Final Project: Overwatch Inspired Hoodie Project Proposal

Made by Christopher Reyes · UNLISTED (SHOWN IN POOLS)

Translating the vivid aesthetics of Blizzard Entertainment's videogame, Overwatch, into casual wear that's both recognizable yet can stand independently of its inspiration.

Created: November 19th, 2016



My project proposal is to create casual clothing inspired by the vivid aesthetics of videogames - in this case Blizzard Entertainment's Overwatch - in a way that is both accurate to the character chosen and is also able to stand as it's own piece. It's a different approach to merchandise, with the possibility of providing consumers with higher quality products that tend to their desire to reflect their love of an intellectual property while also being able to wear it outside of that context. While more work is needed to produce these specialized products rather than printing out a simple logo, I believe there's a significant amount of potential in this approach to merchandising, and wanted to investigate what that shift would entail.

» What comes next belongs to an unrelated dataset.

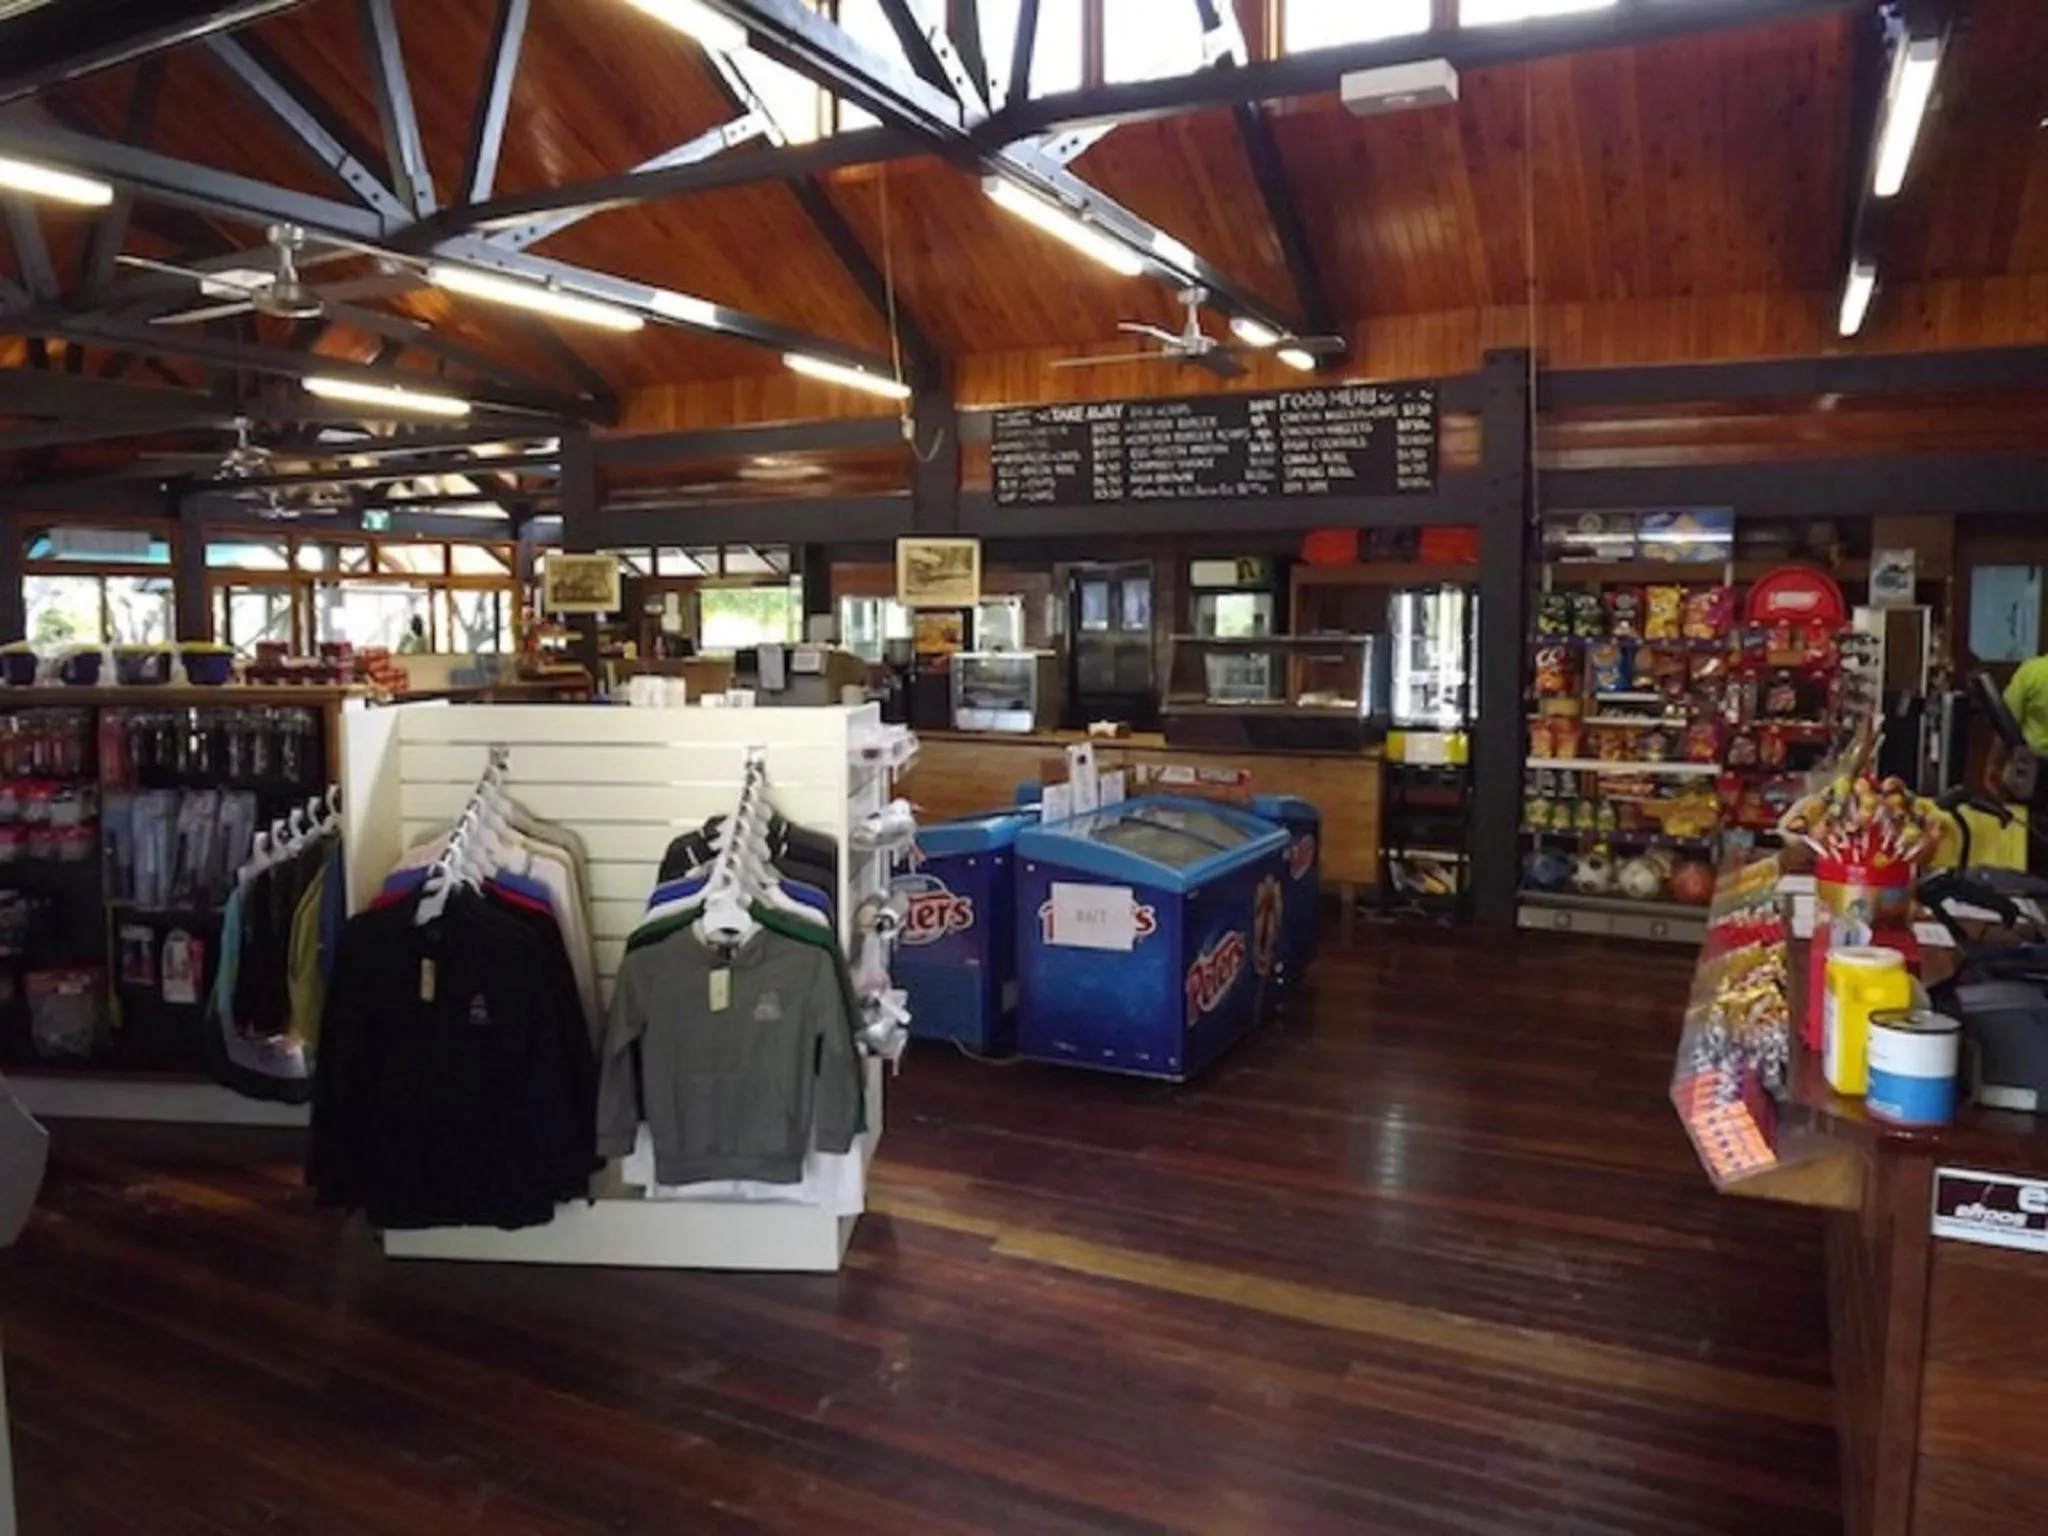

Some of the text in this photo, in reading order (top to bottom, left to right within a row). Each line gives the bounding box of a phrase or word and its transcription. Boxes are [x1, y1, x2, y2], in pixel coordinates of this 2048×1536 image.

Overwatch is set in a near-futuristic world, so many of the designs in the game are oftentimes bright and extravagant, so I wanted to include some of those details in a more subdued manner. In this design, it came more in the way of angular forms that emulate armor plating, which brings the challenge of creating clean lines on an article of clothing that is often attributed with loose comfort. Utilizing what I had learned in class, I figured I could stick with both machine sewing and hand-sewn backstitches in order to carefully piece the patterns together.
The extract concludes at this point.